• YOUR ASSIGNMENT: Whenever the word "phrase" turns up in a line below, that line should be copied.

• DATA RECORDS:

************

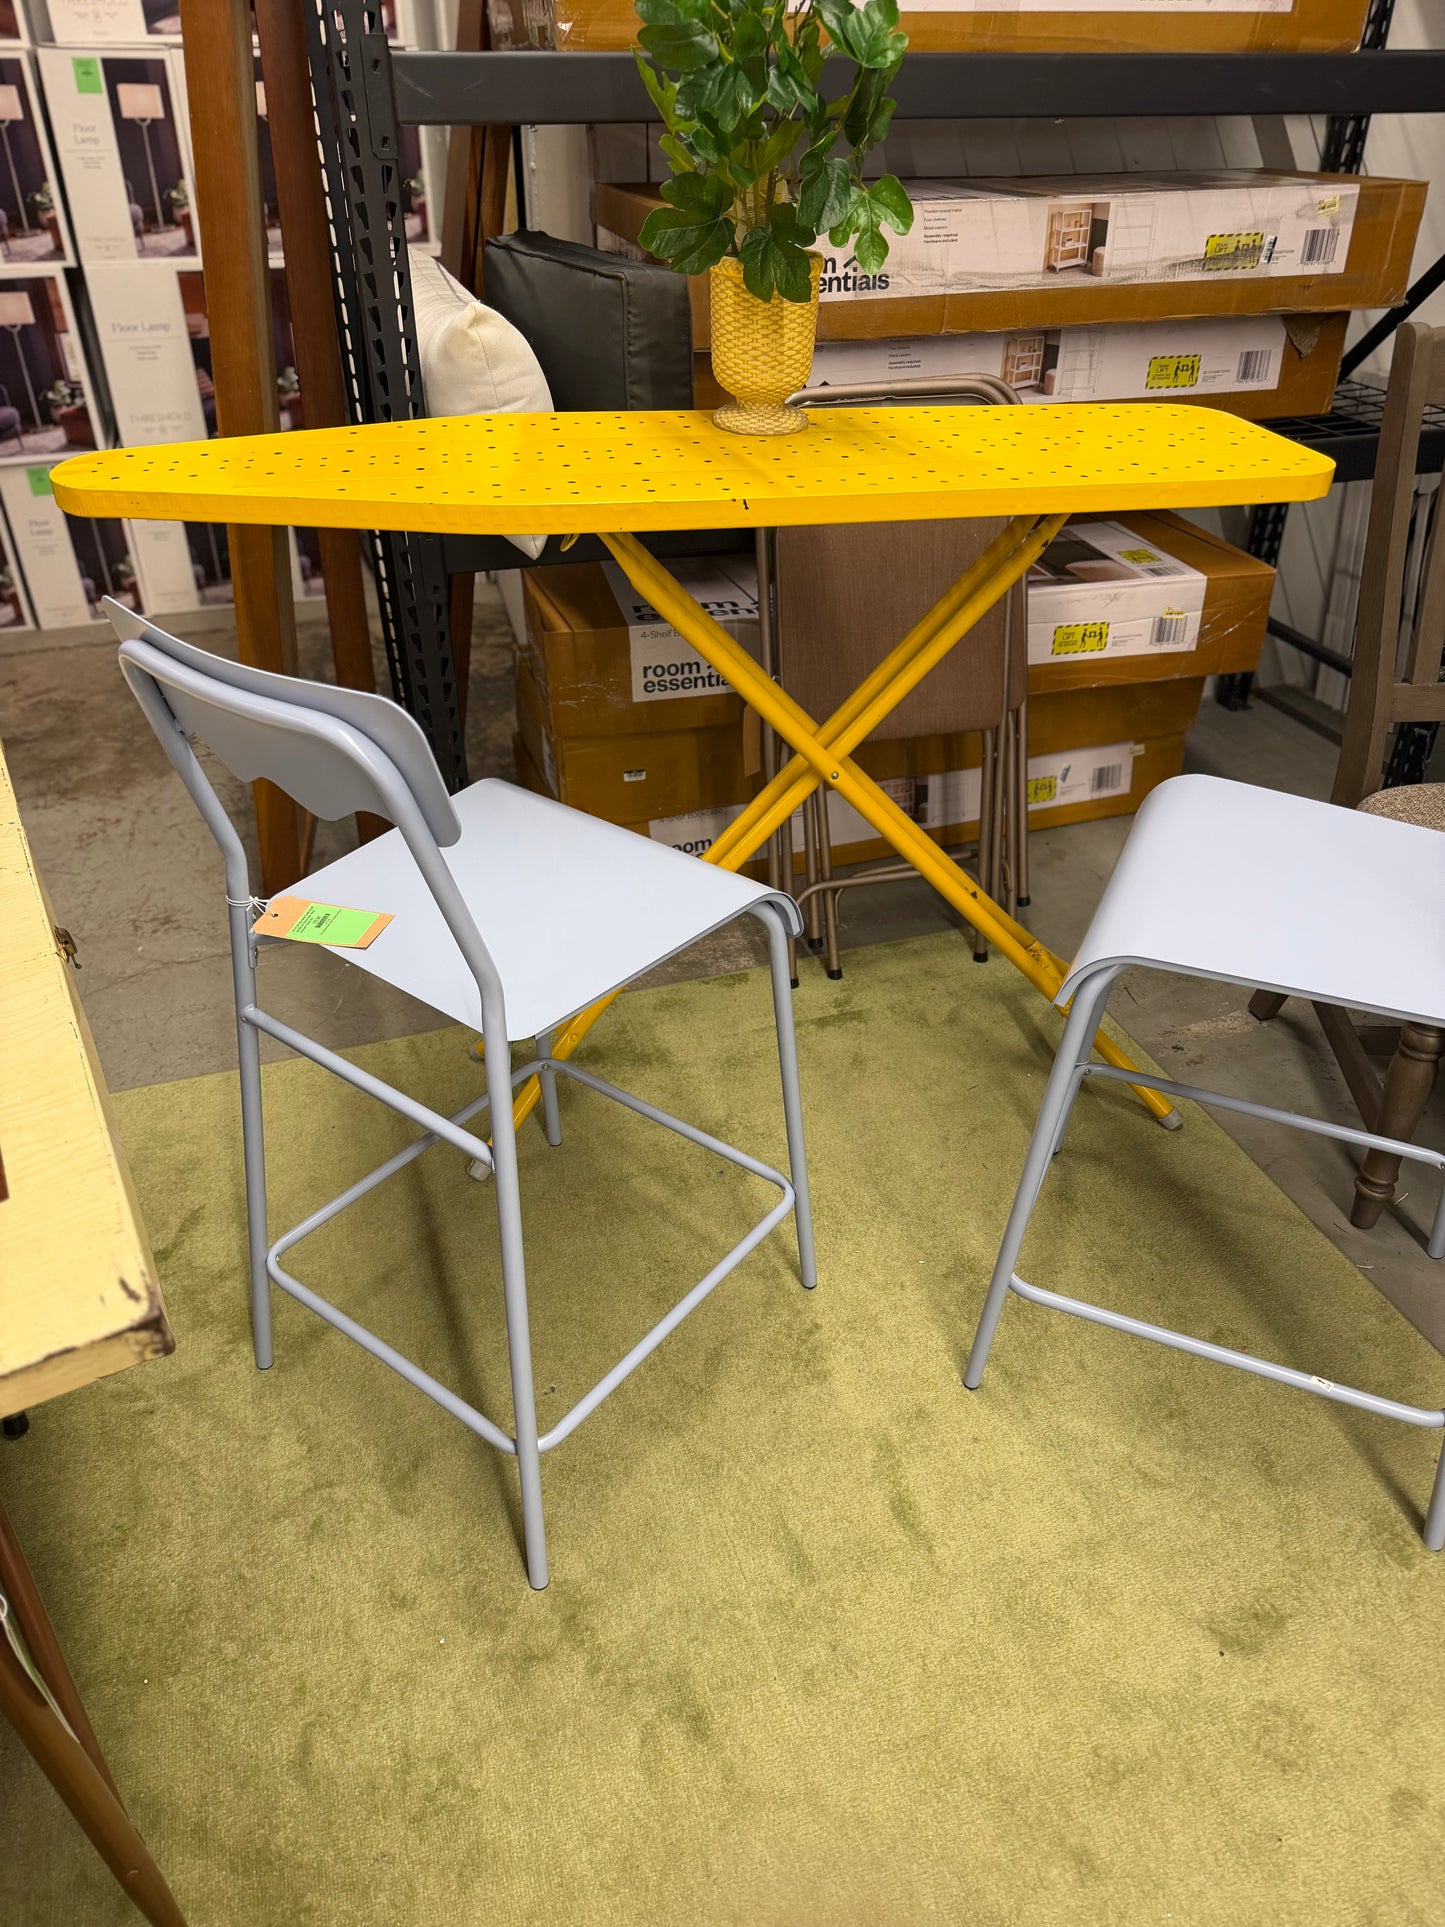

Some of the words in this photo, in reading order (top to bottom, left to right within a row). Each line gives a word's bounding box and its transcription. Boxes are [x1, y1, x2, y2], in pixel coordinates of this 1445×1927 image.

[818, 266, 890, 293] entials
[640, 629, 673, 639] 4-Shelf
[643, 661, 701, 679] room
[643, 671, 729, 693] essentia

************

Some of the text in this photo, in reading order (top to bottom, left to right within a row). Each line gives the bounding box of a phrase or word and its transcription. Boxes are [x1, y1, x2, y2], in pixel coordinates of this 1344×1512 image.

************

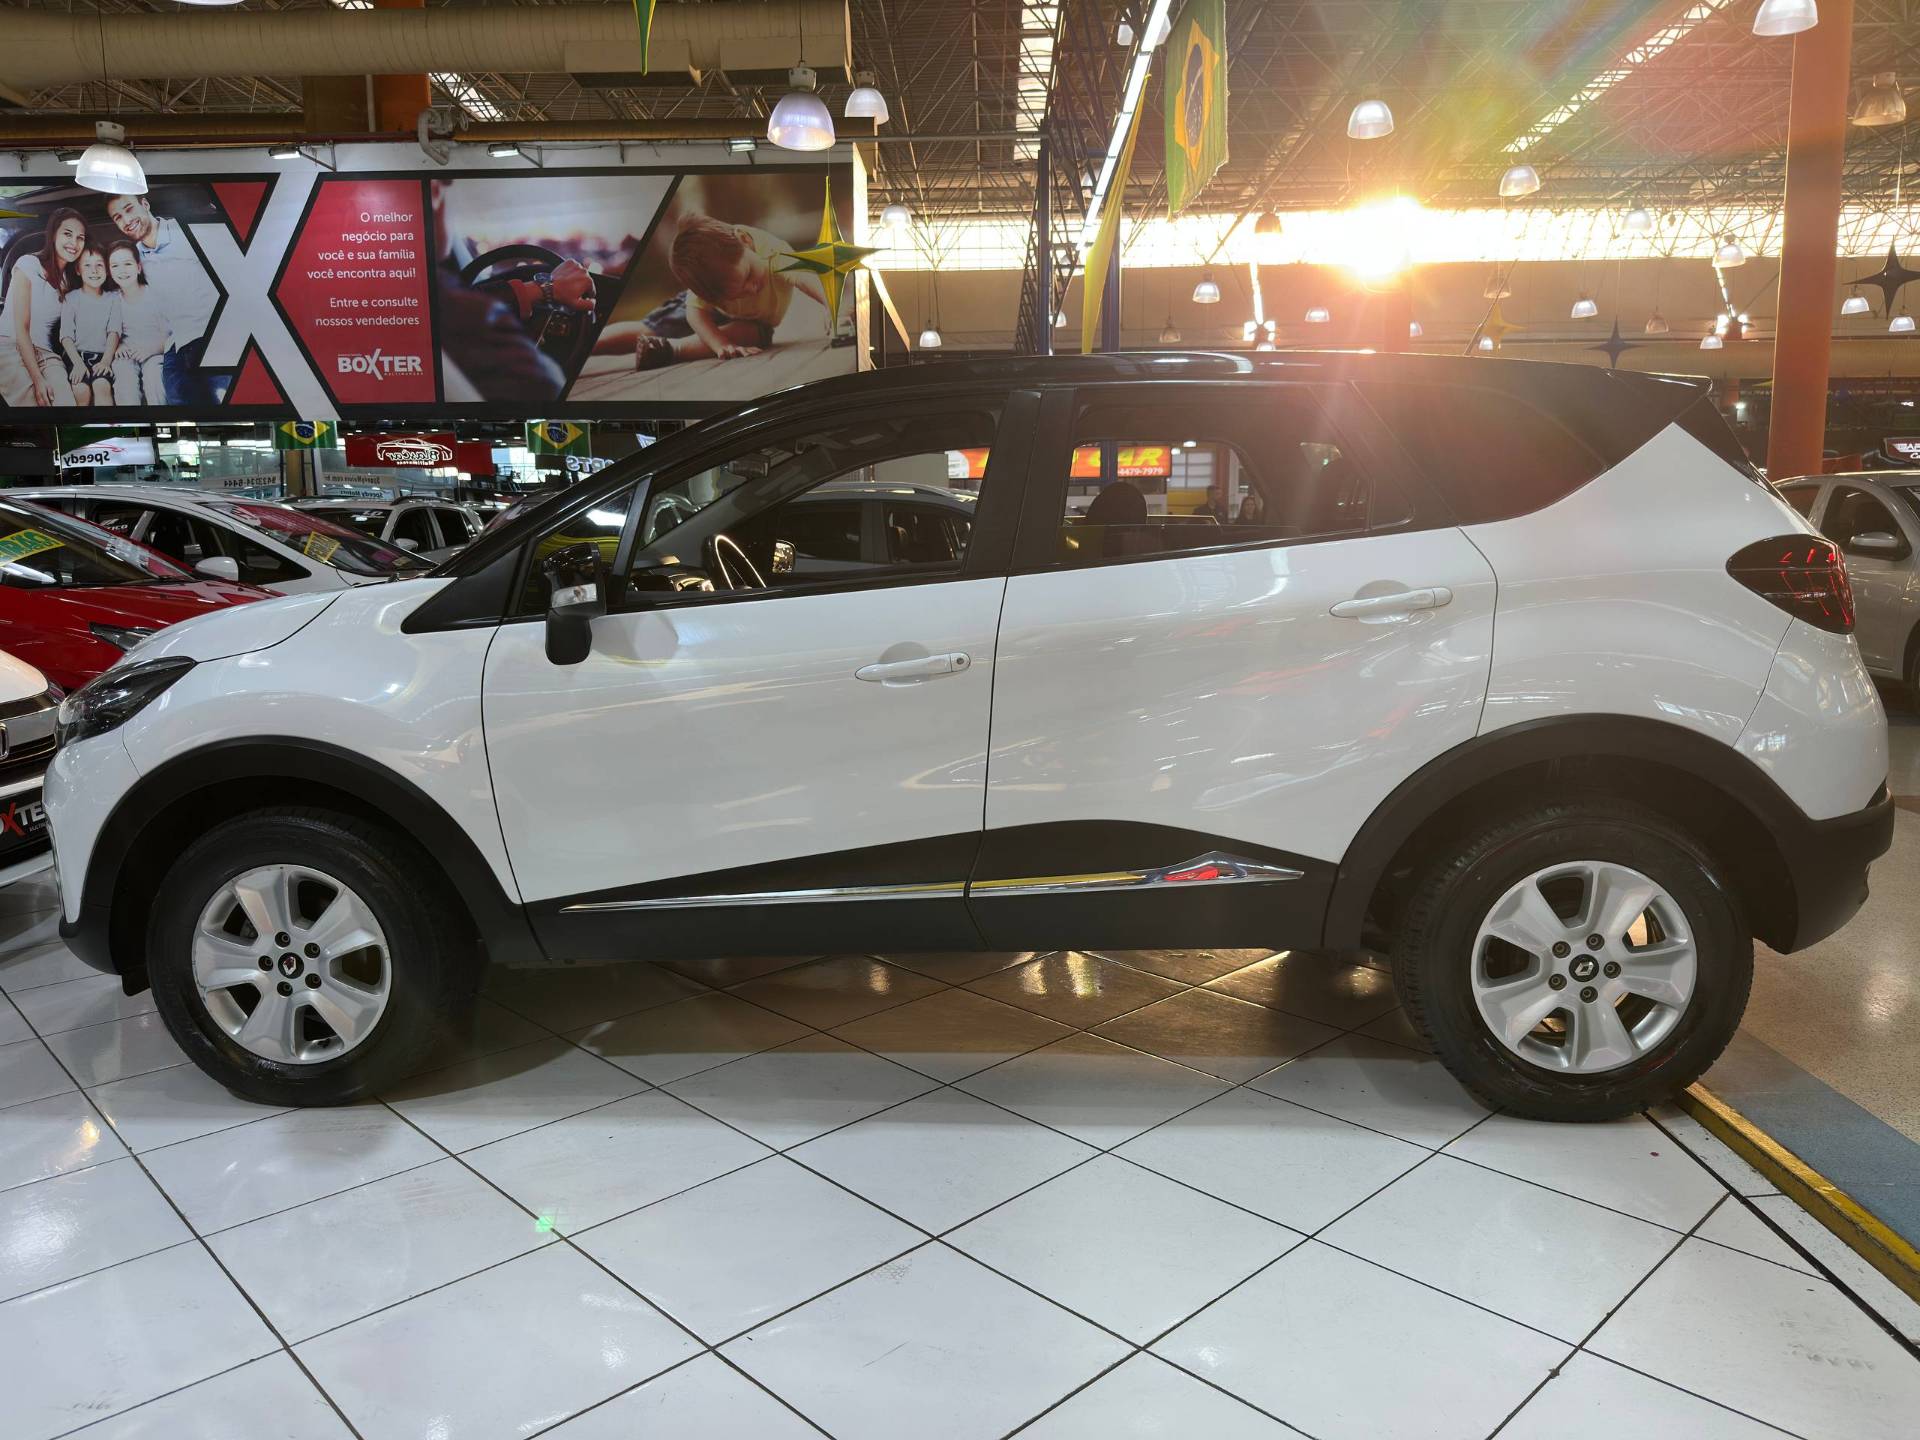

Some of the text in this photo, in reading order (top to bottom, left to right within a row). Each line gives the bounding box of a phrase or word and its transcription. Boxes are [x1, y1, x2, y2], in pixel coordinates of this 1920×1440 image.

************

• TASK OUTPUT:
Some of the text in this photo, in reading order (top to bottom, left to right within a row). Each line gives the bounding box of a phrase or word and its transcription. Boxes are [x1, y1, x2, y2], in pixel coordinates of this 1344×1512 image.
Some of the text in this photo, in reading order (top to bottom, left to right within a row). Each line gives the bounding box of a phrase or word and its transcription. Boxes are [x1, y1, x2, y2], in pixel coordinates of this 1920×1440 image.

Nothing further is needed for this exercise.